Ever since the publication of the Women’s Health Initiative and Million Women Study, attention has been rightly paid to the potential risks of HRT, particularly regarding the risk of breast cancer in women. Before these publications, many were touting HRT as the panacea of all menopausal ills, relatively free of side effects and risks.
These studies suggested that in women taking ‘oestrogen-only’ HRT, the risk of breast cancer was not increased and indeed there appeared to be a slight protective effect. This kind of HRT is given to women who do not have uteruses.
In contrast, combined or ‘estrogen-progestogen’ HRT was found to increase the risk of breast cancer by a magnitude of eight additional cases per 10,000 women a year.
Subsequent studies have affirmed this relationship, with several noting a decrease in breast cancer cases following the widespread decline in patients taking HRT. (Though other studies have found no such relation.)
The latest study suggests that the risk of breast cancer remains elevated after both five and 15 years of combined HRT use. That is, the risk is roughly tripled. However, risk is unchanged with the use of oestrogen-only HRT.
Should women be worried by this? The risks must be put into perspective. According to Cancer UK, only three per cent of breast cancer cases in the UK are related to use of HRT. Meanwhile, nine per cent of breast cancer cases are linked to obesity, six per cent to excessive alcohol consumption and three per cent to physical inactivity. Funnily enough, while all are modifiable risk factors, media attention focuses on HRT and ignores the rest.
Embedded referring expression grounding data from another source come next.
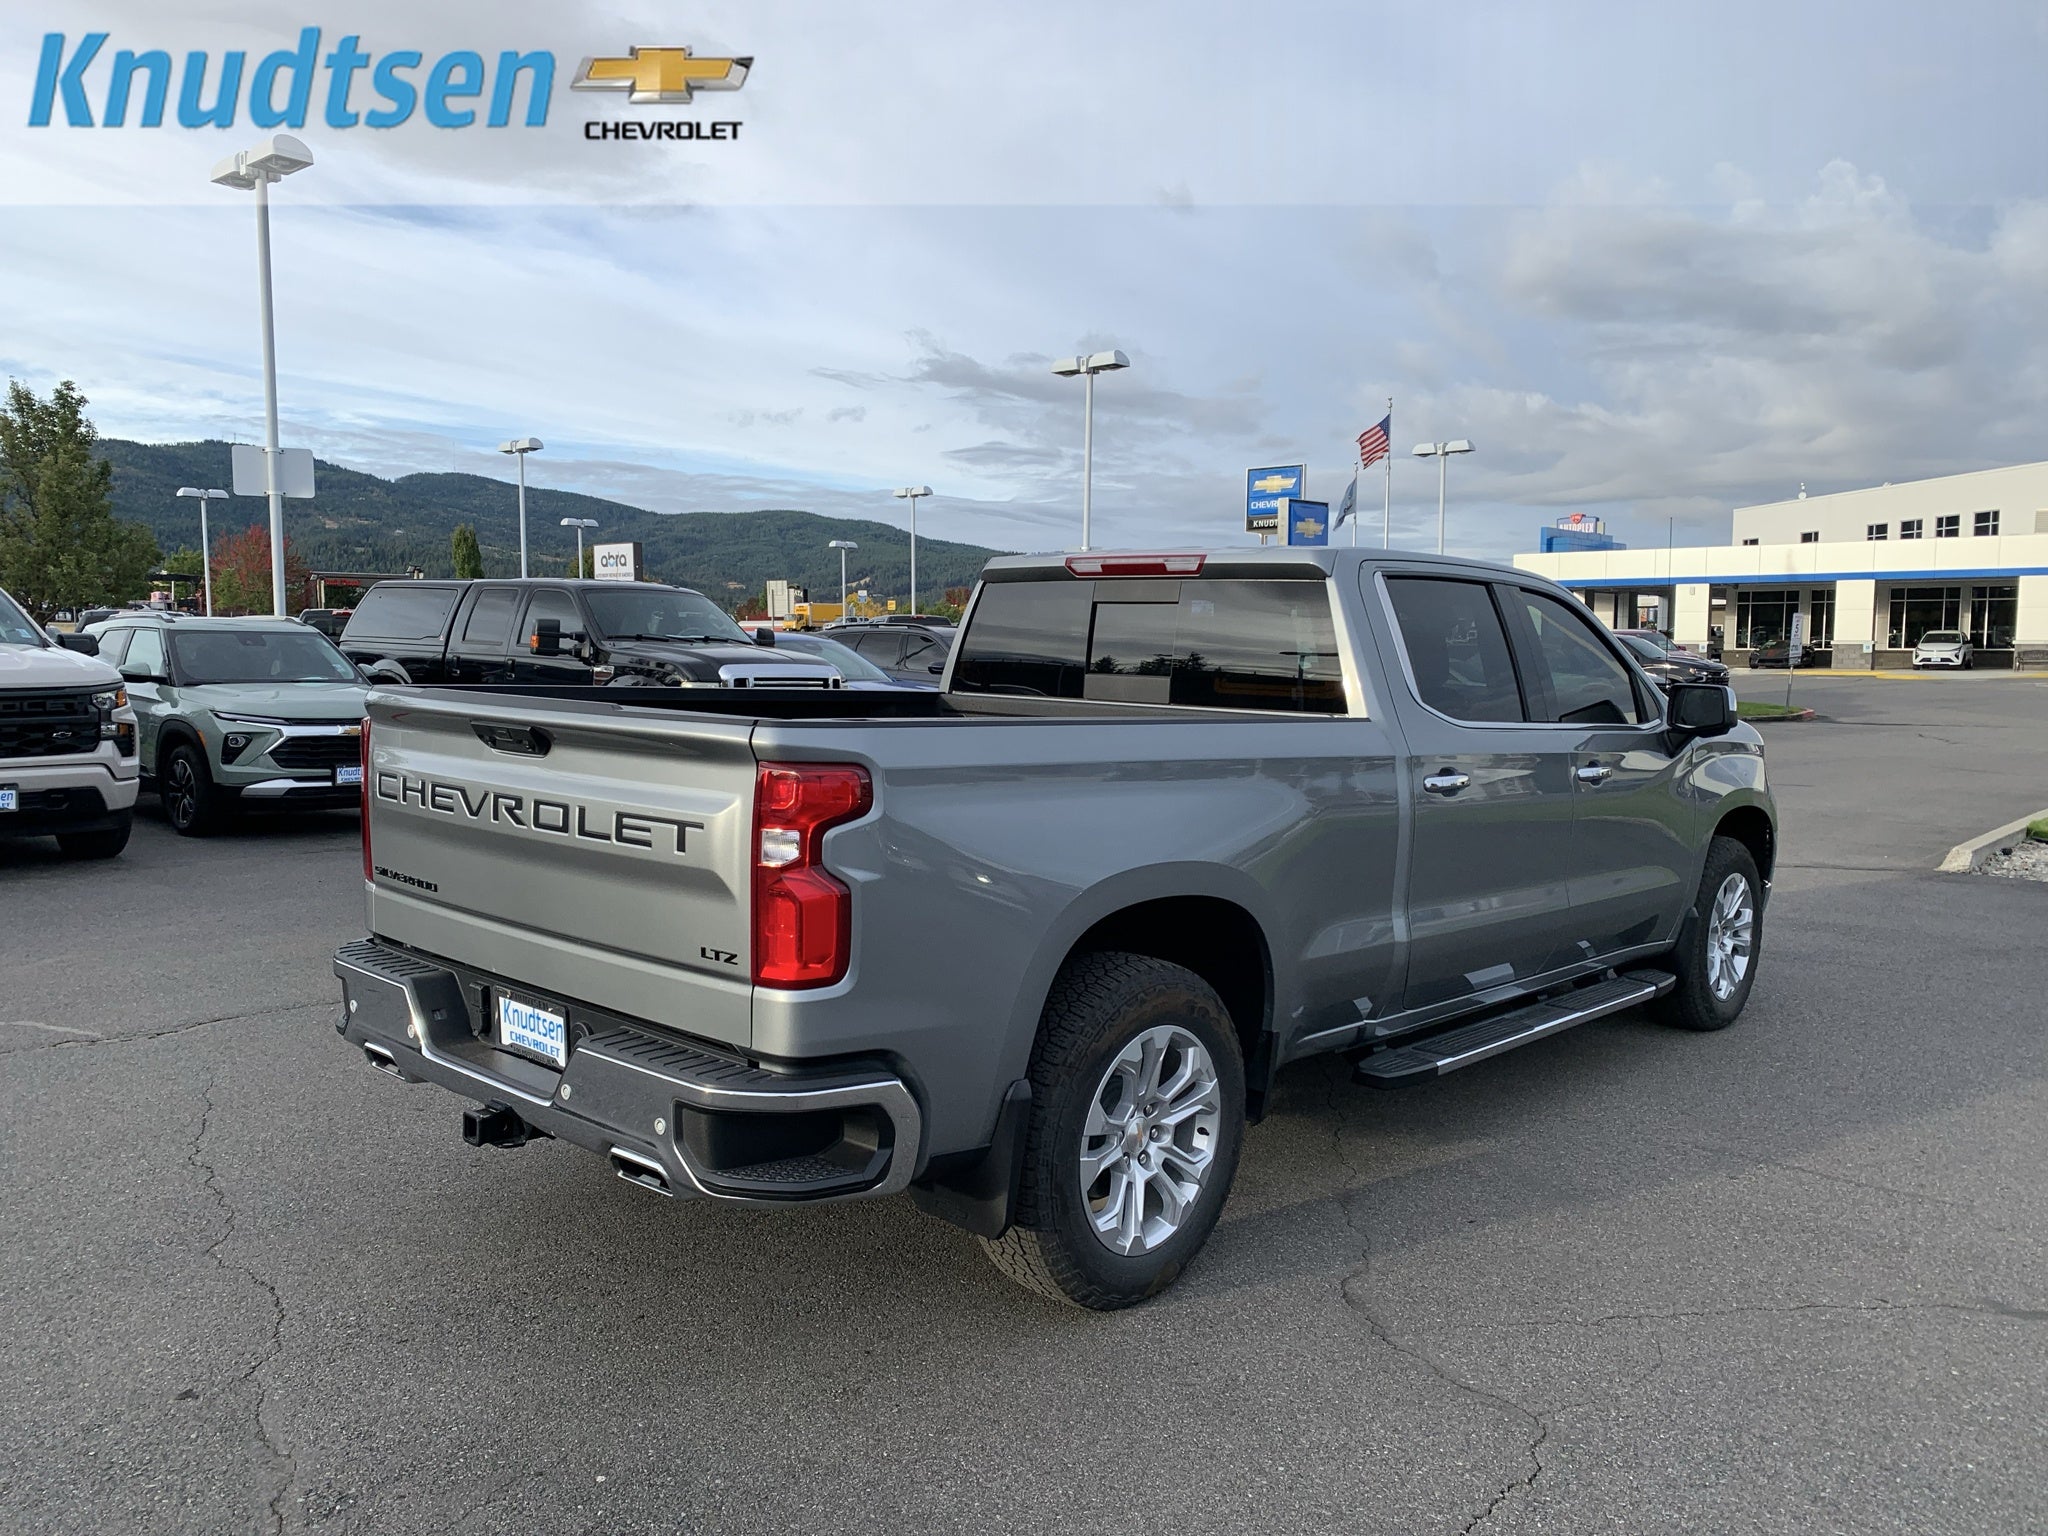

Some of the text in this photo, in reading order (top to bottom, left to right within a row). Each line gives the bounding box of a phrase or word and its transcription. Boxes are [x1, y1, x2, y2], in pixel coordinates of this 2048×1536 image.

[1251, 500, 1278, 509] CHEVR
[1253, 519, 1278, 528] KNUDT
[338, 768, 360, 776] Knudt
[376, 770, 705, 854] CHEVROLET
[375, 865, 438, 893] SILVERADO
[700, 946, 738, 966] LTZ
[504, 999, 563, 1043] Knudtsen
[510, 1030, 560, 1058] CHEVROLET
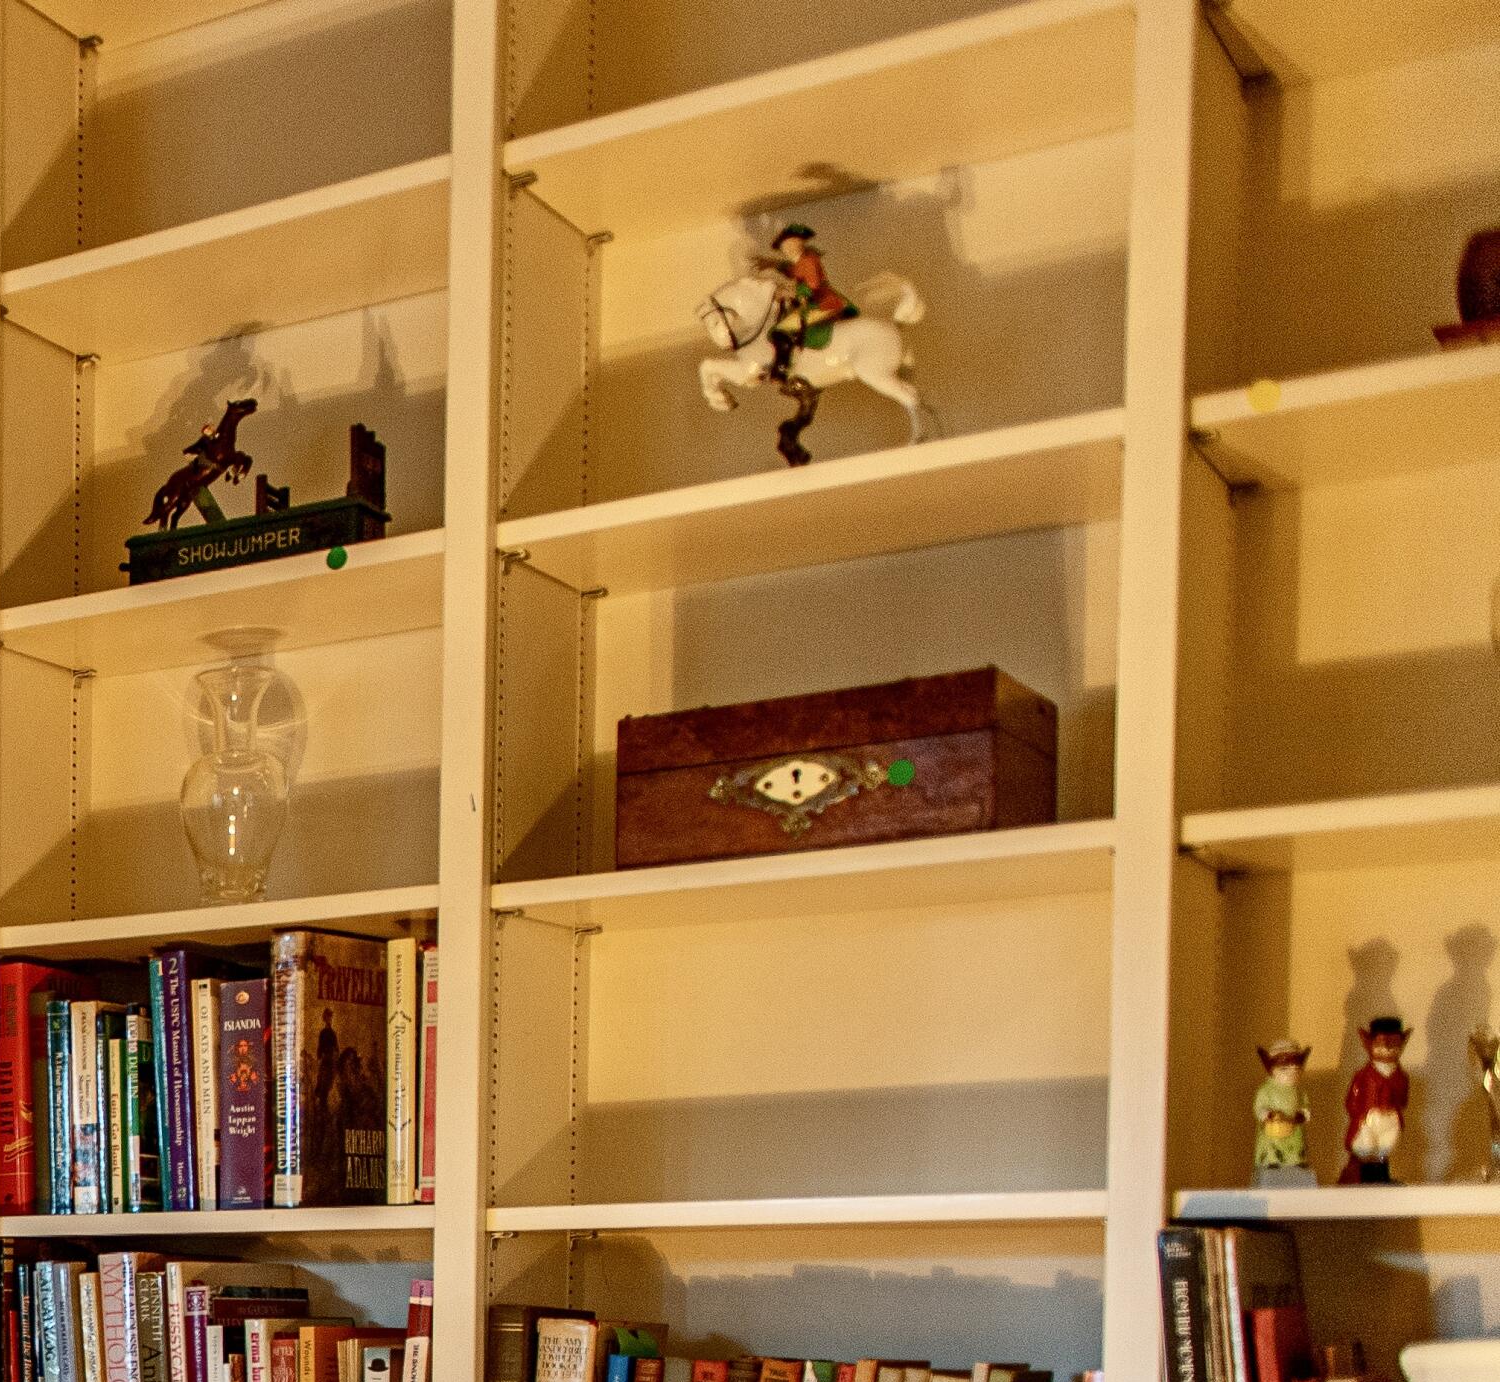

HRT has undoubted benefits, which include improved mood, sleep, abolition of troublesome night-sweats, a decrease in colon cancer risk for combined HRT, prevention of vulvovaginal atrophy (that is, the thinning, drying and inflammation of the vaginal walls) and thus painful sexual intercourse and repeated urinary tract infection, as well as reduced osteoporosis and fractures; started in healthy women within 10 years of menopause, oestrogen-only HRT has been shown to reduce cases of ischaemic heart disease.
There are other potential side effects, however, which differ depending on the kind of HRT being administered. You can click on the tables below to view these.
The study that established these risk margins was performed, in most cases, one could argue, on a high-risk population for whom HRT should not have been started. Thus HRT was essentially the straw that broke the camel’s back.
Ultimately, risk must be put into context. For some women, the trade-off between benefits of HRT versus breast cancer risk can be made within a framework of improved attention to overall health; risk can be mitigated considerably if you lose excess weight, reduce alcohol consumption and do more physical activity.
For others, of course, the risk will be considered too high. Ultimately, though, there are many forms of HRT. Local forms (creams or vaginal tabs) as opposed to systemic (pills and patches) have never demonstrated complications in terms of cancer. These allow clinicians considerable flexibility in addressing the health needs of women and the risks involved.